### Task requirements
Give the records again. Keep them exact and leave out the images.

===== Provided information

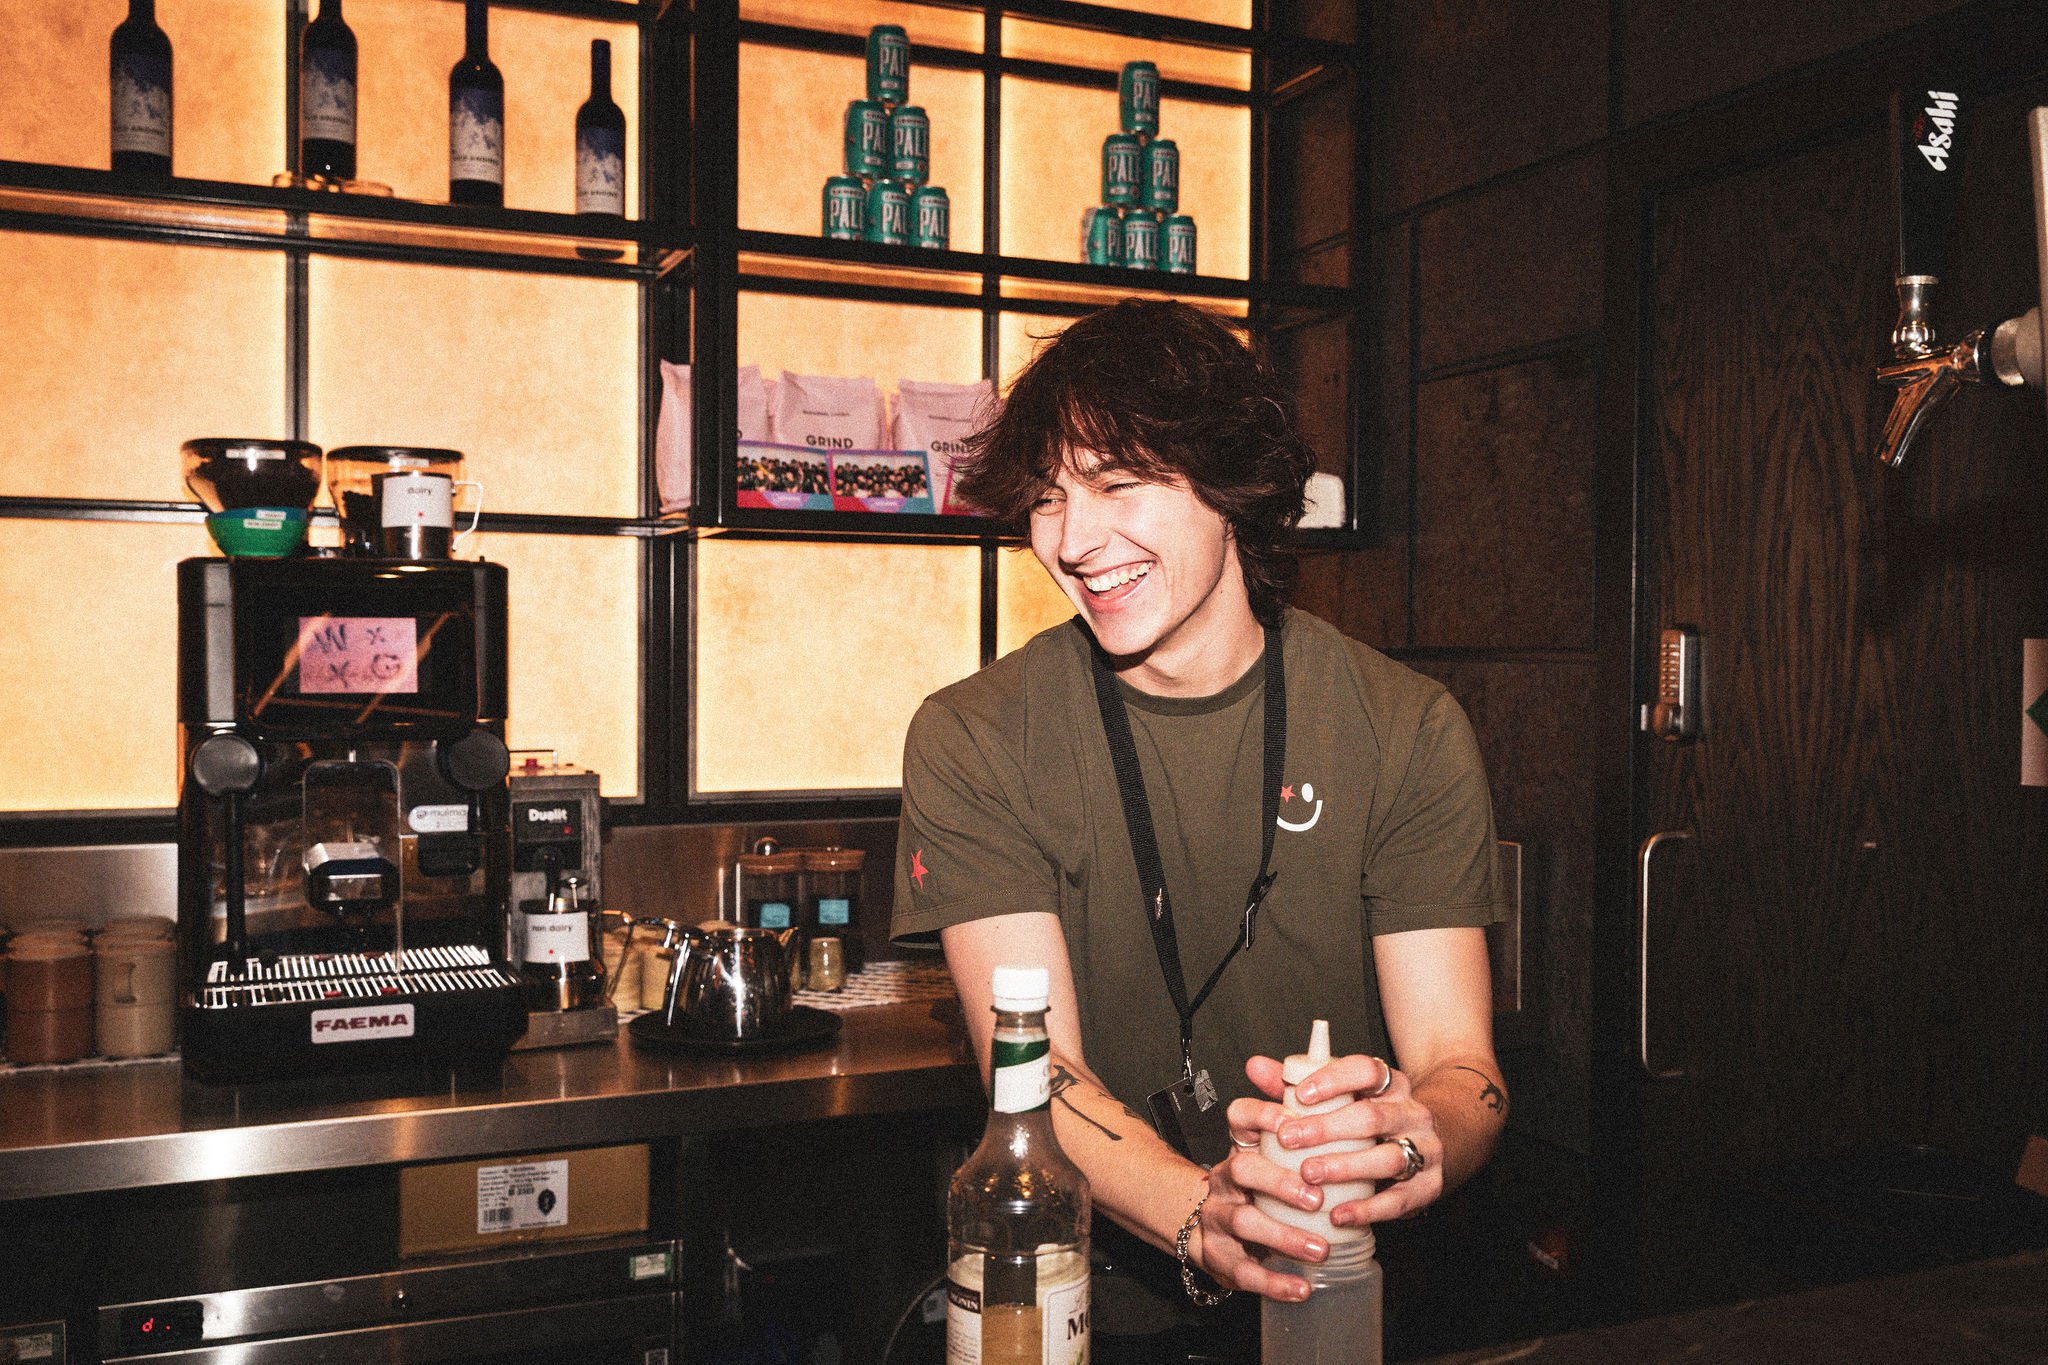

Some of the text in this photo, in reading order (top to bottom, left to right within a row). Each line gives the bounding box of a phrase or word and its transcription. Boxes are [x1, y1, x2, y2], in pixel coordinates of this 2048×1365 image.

[1917, 90, 1960, 172] Asahi
[806, 435, 854, 450] GRIND
[407, 486, 433, 497] dairy
[528, 808, 568, 822] Dualit
[549, 923, 573, 935] dairy
[314, 1013, 409, 1033] FAEMA

==========

### Solved exercise
Some of the text in this photo, in reading order (top to bottom, left to right within a row). Each line gives the bounding box of a phrase or word and its transcription. Boxes are [x1, y1, x2, y2], in pixel coordinates of this 2048×1365 image.

[1917, 90, 1960, 172] Asahi
[806, 435, 854, 450] GRIND
[407, 486, 433, 497] dairy
[528, 808, 568, 822] Dualit
[549, 923, 573, 935] dairy
[314, 1013, 409, 1033] FAEMA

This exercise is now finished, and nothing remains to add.